A Graduate Once... An Alumni Forever

Wayne Hogan

Lessons learned growing up in St. Augustine led to a career in the law and efforts to make life better in communities faced with challenges. Teachers, coaches, administrators and others dedicated to civic engagement have an impact on students in their formative years, and Wayne Hogan, St. Augustine High School Class of 1965, was one of those people as he was impacted by being a student within the St. Johns County School System.

Wayne is the son of the late Jack and Mickie Hogan. His father was president of his union local that went on strike for months to defeat Southern Bell’s attempt to break the union. Memories of that helped shape Wayne’s view as a youth that working people must be treated fairly by those who benefit from their labor, and that corporations who break the rules are to be held accountable. His legal career put that similar mindset into action.

Another influential event was the summer of 1964, when St. Augustine became a focal point of the civil rights movement. It was a tense time in St. Augustine, and Wayne saw that the segregated structure conflicted with what he had learned was the nation’s promise of equal justice under the law. That particular time period had a lasting impact on Wayne’s views on legal and public policy issues.

It was Wayne’s good fortune to be part of a most wonderful SAHS 1965 class that has remained part of his life today. Part of his activities at SAHS included being vice-president of the senior class, a Boys State representative, a member of the debate team, a member of the Honor Society, and president of Rotary’s Interact Club. In looking back at 10th Grade Civics class at SAHS, Wayne met a lawyer named Frank Upchurch, Jr. who explained that lawyers in communities, large and small, are integral to the fabric of our society. They help people find civil ways to resolve disputes. Those lessons while in high school helped developed a life-long interest in civic engagement and a respect for the key role the law and lawyers play in shaping the American way of life that he carried on into his college life.

At St. Johns River Junior College, Wayne became judiciary chairman and then president of the student body, was on the debate team, and received the University of Florida Blue Key Award for junior college leadership. He earned degrees in Economics and Law from The Florida State University where he was chief justice of the Supreme Court, and, through ROTC, was named a Distinguished Military Graduate, and was appointed an army officer after training at Ft. Benning and Ft. Bragg.

Within weeks of graduating from law school in 1972, Wayne began trying cases as an assistant public defender in Tallahassee. Having left to fulfill military duties at Ft. Benning, he next joined the top trial firm in Jacksonville, the Bedell firm, where he honed his skills in civil law.

In 1975, Wayne had the good fortune to meet Pat Palmero, and that has made all the difference. Time-after-time Pat’s sensible advice moved Wayne to make choices that led to good results and soon, they married.

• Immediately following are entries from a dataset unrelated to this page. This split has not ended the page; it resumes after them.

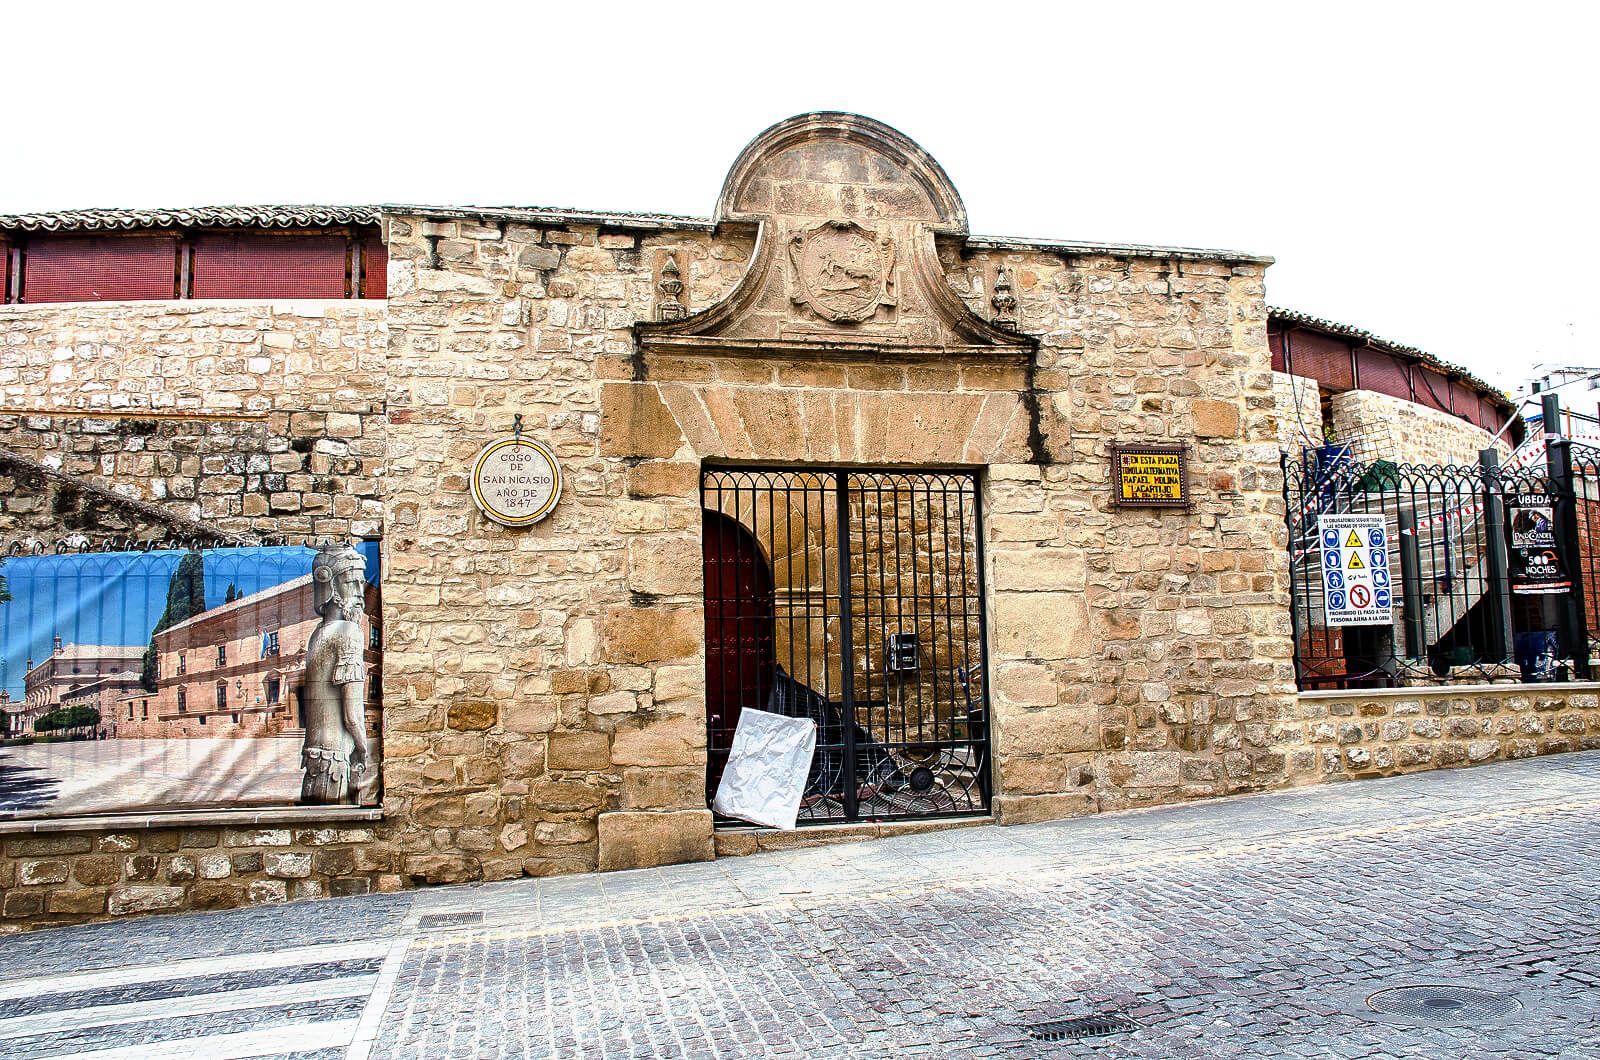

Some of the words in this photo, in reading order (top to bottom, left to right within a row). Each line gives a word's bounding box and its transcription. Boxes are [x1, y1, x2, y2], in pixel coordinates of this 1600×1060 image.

[500, 454, 532, 462] COSO
[1130, 456, 1138, 464] EN
[483, 476, 506, 484] SAN
[508, 475, 550, 484] NICASIO
[496, 488, 518, 497] AÑO
[504, 499, 530, 508] 1847
[1526, 566, 1556, 574] NOCHES
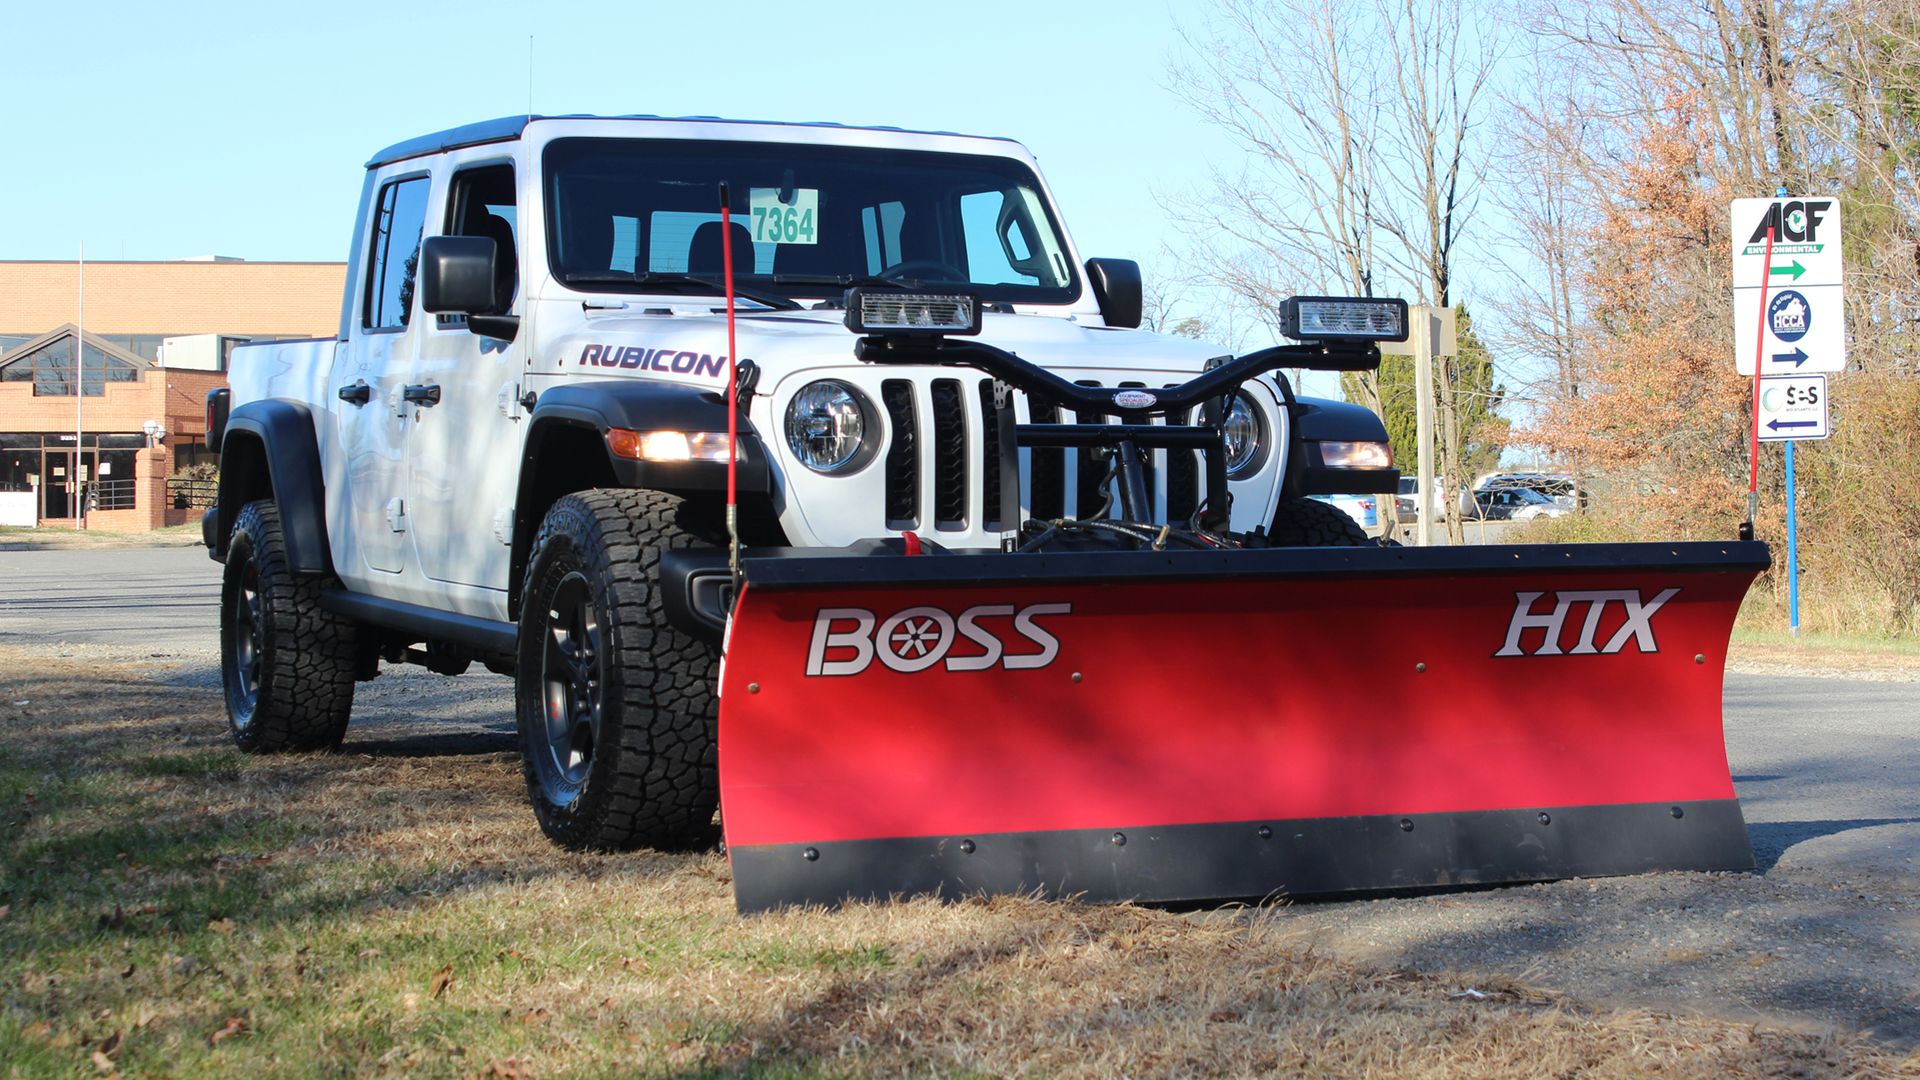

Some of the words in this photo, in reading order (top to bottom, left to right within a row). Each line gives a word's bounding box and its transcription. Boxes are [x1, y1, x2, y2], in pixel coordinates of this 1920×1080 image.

[753, 207, 814, 242] 7364
[1748, 201, 1832, 243] ACF
[1746, 245, 1819, 254] ENVIONMENTAL
[1774, 315, 1806, 328] HCCA
[579, 344, 728, 377] RUBICON
[805, 603, 1072, 676] BOSS
[1493, 587, 1682, 657] HTX
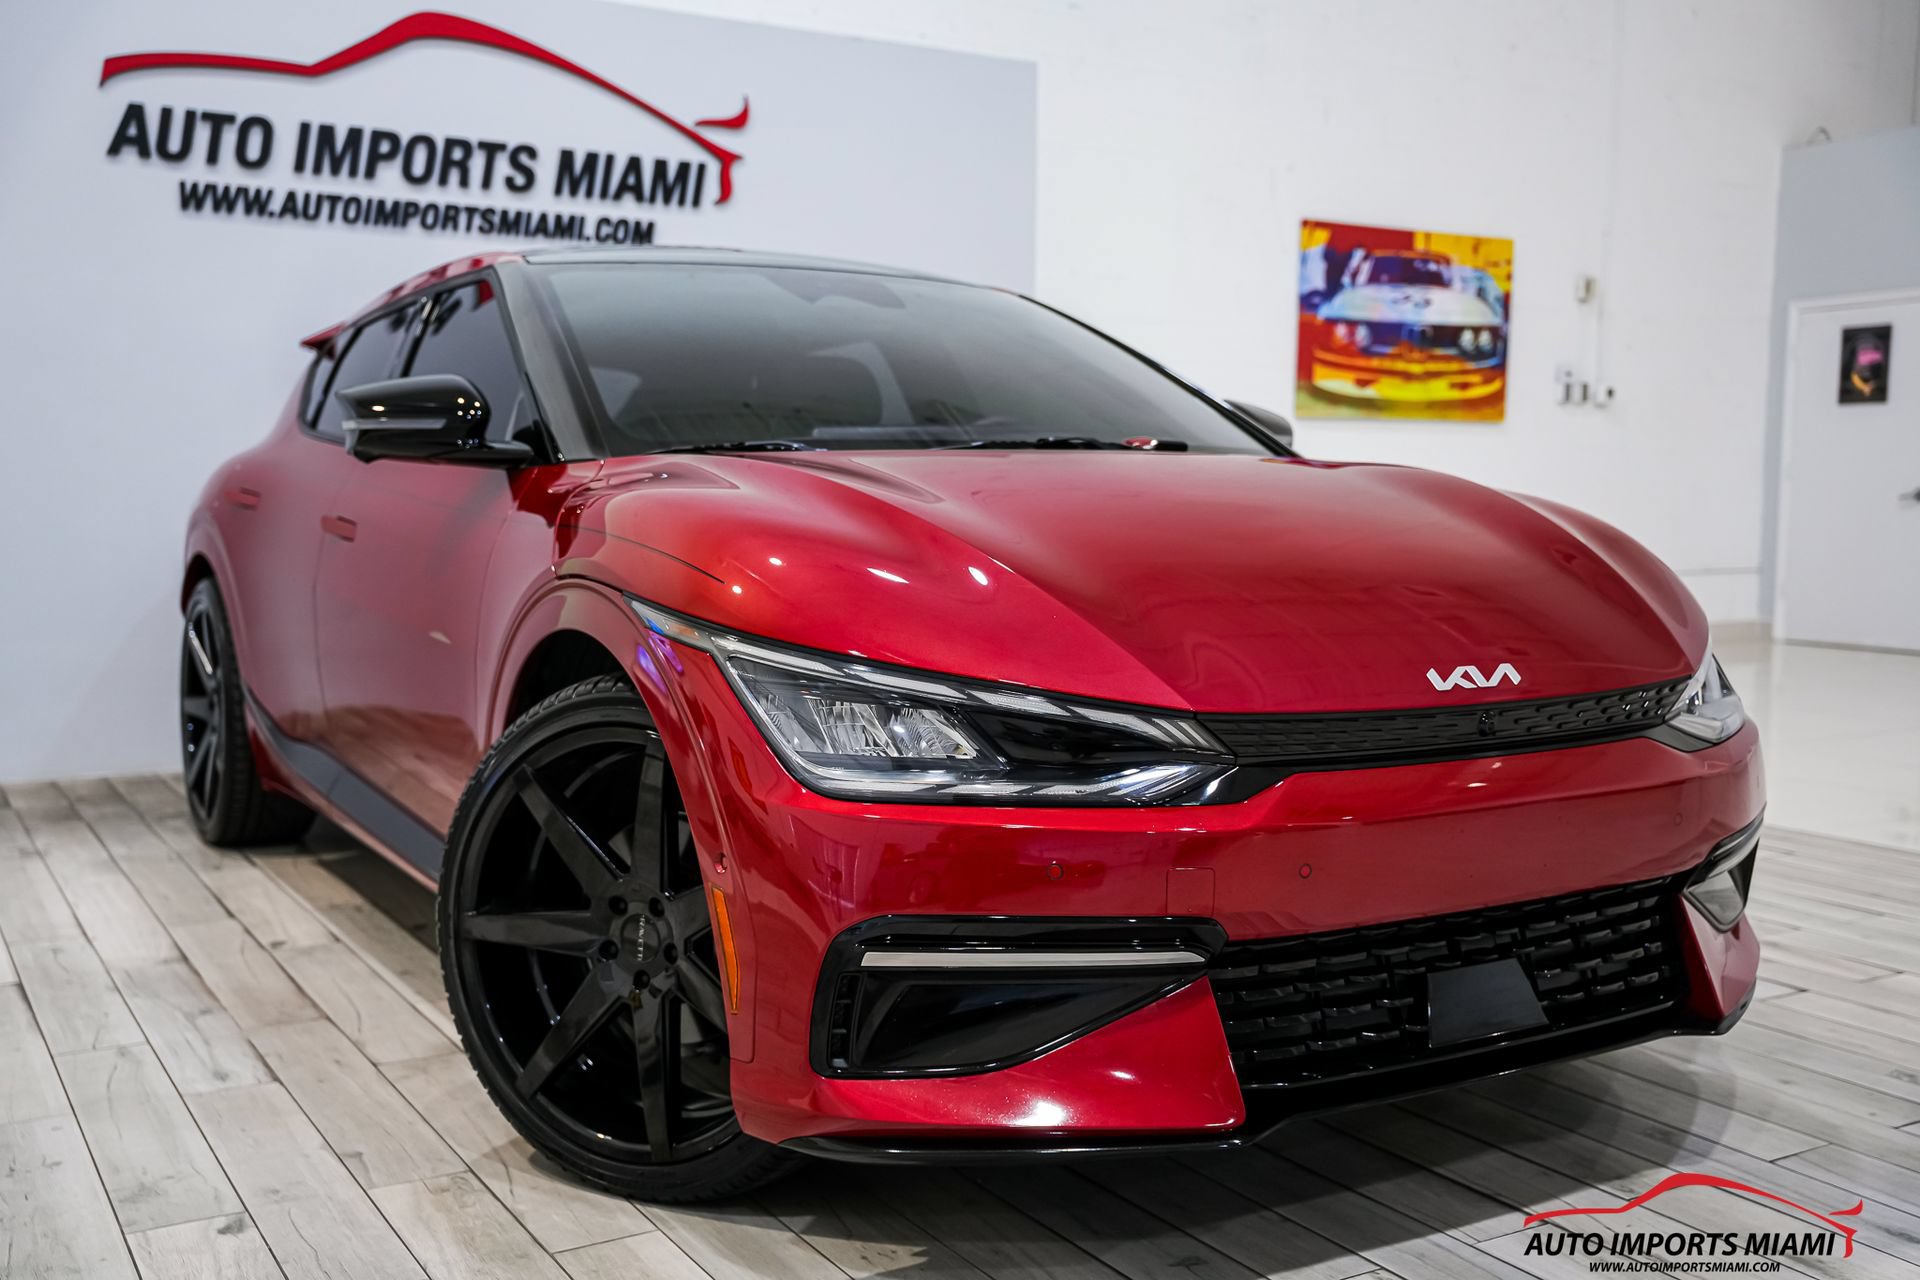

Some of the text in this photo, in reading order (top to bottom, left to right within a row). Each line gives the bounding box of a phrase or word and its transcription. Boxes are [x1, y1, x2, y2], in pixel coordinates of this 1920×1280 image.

[107, 102, 706, 208] AUTO IMPORTS MIAMI
[179, 180, 655, 245] WWW.AUTOIMPORTSMIAMI.COM

In 1977, he saw the opportunity to join the law firm now called Terrell Hogan Yegelwel where he could focus on representing people harmed by defective products. He quickly began representing asbestos victims. In 1981, he represented a World War II Navy veteran and obtained Florida’s first punitive damages verdict to punish the world’s largest asbestos corporation for its reckless conduct. He successfully handled the precedent-setting appeal. Over the decades, he and his firm have represented thousands suffering from malignant mesothelioma, lung cancer and asbestosis.

That background, digging out evidence to prove the truth about toxic exposure and disease, led to his role in Florida’s landmark victory against the tobacco industry. Wayne and a team of other leading trial attorneys represented Governor Lawton Chiles for several years leading to a landmark settlement. The settlement terms severely restricted tobacco advertising near schools and playgrounds and eliminated advertising with cartoon characters such as Joe Camel aimed at children. The settlement amounted to more than $17 billion for Florida’s taxpayers, families, and children, and funded the highly effective Truth Campaign to prevent youth smoking. In recognition of the late governor’s lifetime of service to the people of Florida, Wayne and team members participated in establishing the Lawton Chiles Legal Information Center at the University of Florida.

Wayne is a board certified civil trial lawyer, and has served on the executive committees of Public Justice, America’s public interest law firm, and the American Association for Justice, and the national board of the American Board of Trial Advocates. Sen. Nelson and Sen. Rubio have appointed him to chair the Conference that recommends nominees for federal district court judge, United States Attorney and U.S. Marshal for the Middle District of Florida.

Wayne has always remembered to follow the model of Judge Upchurch and presents interactive lessons on the Bill of Rights to high school students through the Justice Teaching program sponsored by the Florida Law Related Education Association.

He was named the State of Florida’s Justice Teaching Volunteer of the Year at the 2012 Florida Bar Convention.